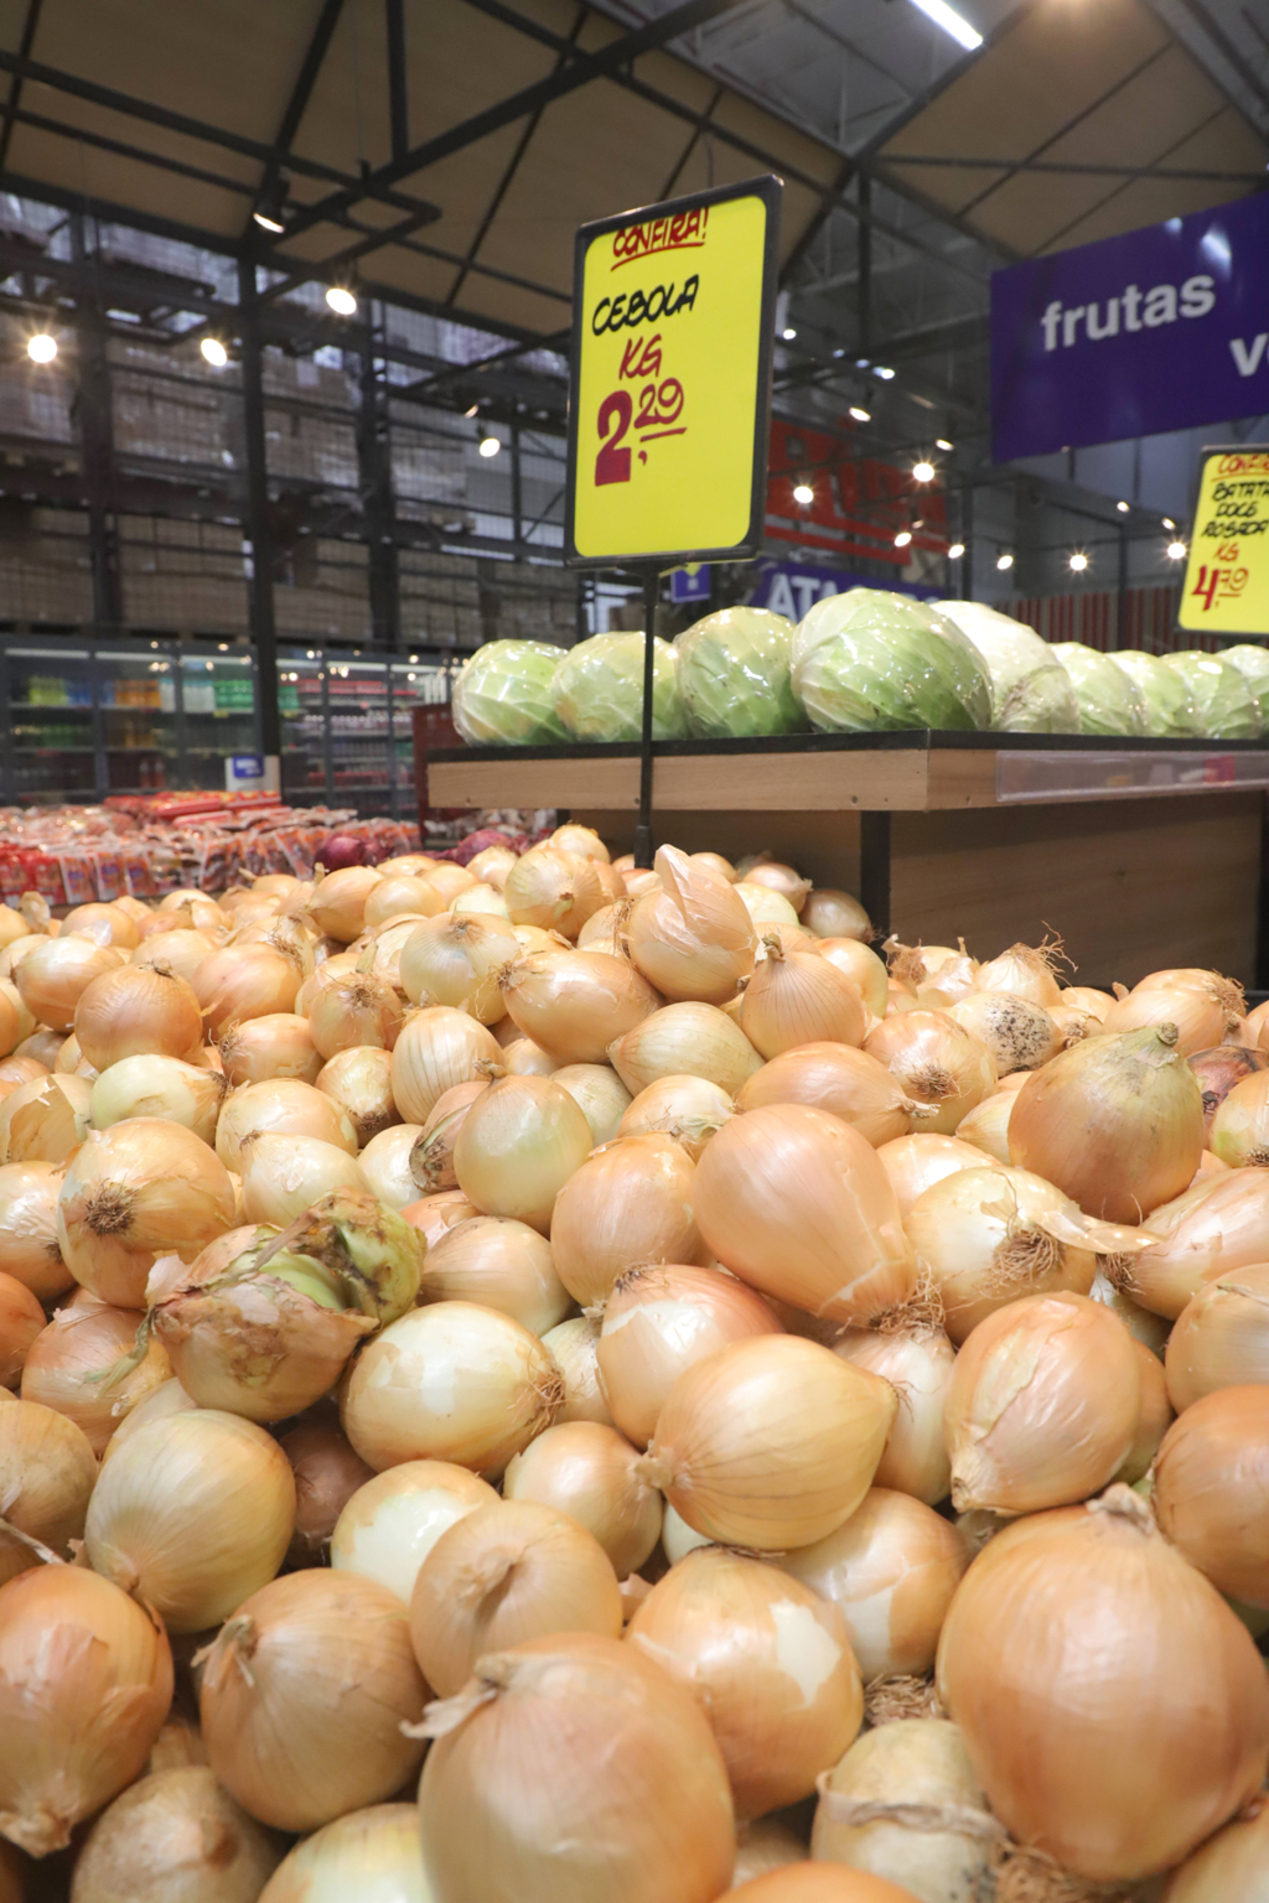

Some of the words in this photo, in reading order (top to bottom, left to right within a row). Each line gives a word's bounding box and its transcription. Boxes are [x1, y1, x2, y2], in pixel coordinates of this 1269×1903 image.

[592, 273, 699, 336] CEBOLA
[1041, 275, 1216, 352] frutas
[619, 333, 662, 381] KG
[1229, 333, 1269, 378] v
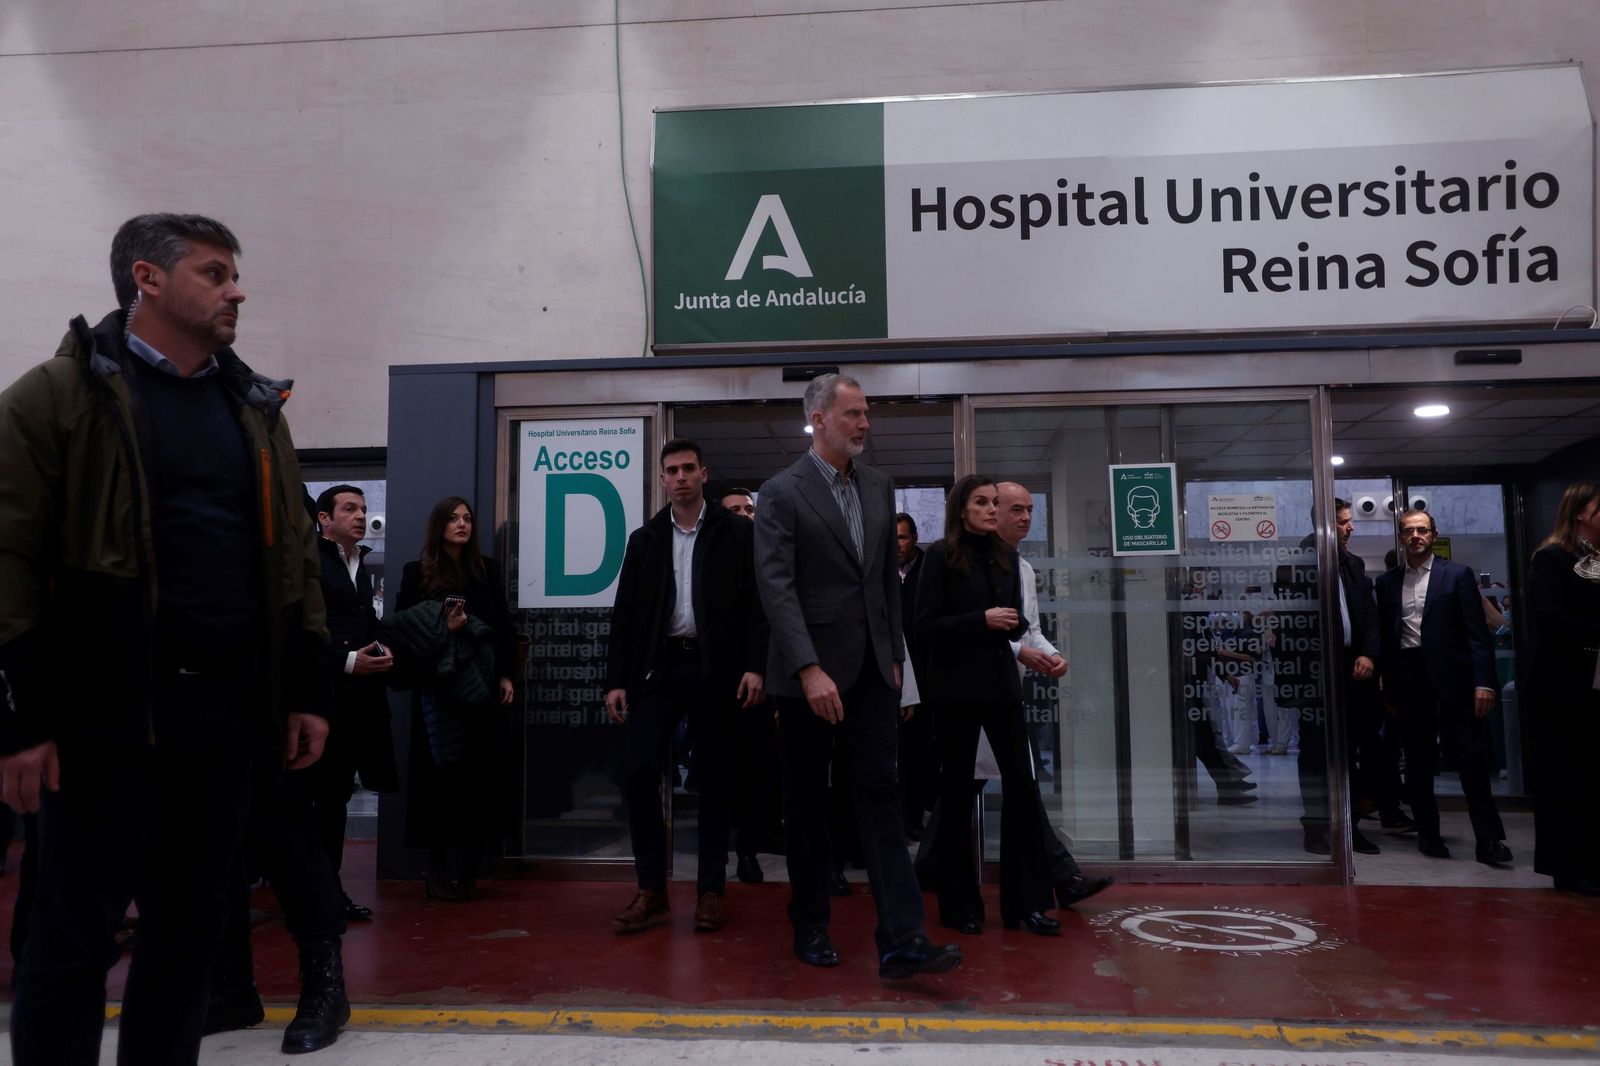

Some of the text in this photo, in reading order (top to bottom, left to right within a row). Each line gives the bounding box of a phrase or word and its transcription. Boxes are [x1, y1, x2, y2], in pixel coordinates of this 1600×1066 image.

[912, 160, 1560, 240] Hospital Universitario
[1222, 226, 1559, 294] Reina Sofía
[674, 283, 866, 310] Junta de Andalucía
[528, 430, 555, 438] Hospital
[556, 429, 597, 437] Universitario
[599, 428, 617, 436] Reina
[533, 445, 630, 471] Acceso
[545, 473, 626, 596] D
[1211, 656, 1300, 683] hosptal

########

* WHAT YOU HAVE TO DO *
Copy out the whole listing word for word, except for any picture it includes.

* THE COMPLETED TASK *
Some of the words in this photo, in reading order (top to bottom, left to right within a row). Each line gives a word's bounding box and its transcription. Boxes are [x1, y1, x2, y2], in pixel coordinates of this 1269×1903 image.

[592, 273, 699, 336] CEBOLA
[1041, 275, 1216, 352] frutas
[619, 333, 662, 381] KG
[1229, 333, 1269, 378] v

Some of the text in this photo, in reading order (top to bottom, left to right within a row). Each line gives the bounding box of a phrase or word and its transcription. Boxes are [x1, y1, x2, y2], in pixel coordinates of this 1600×1066 image.

[912, 160, 1560, 240] Hospital Universitario
[1222, 226, 1559, 294] Reina Sofía
[674, 283, 866, 310] Junta de Andalucía
[528, 430, 555, 438] Hospital
[556, 429, 597, 437] Universitario
[599, 428, 617, 436] Reina
[533, 445, 630, 471] Acceso
[545, 473, 626, 596] D
[1211, 656, 1300, 683] hosptal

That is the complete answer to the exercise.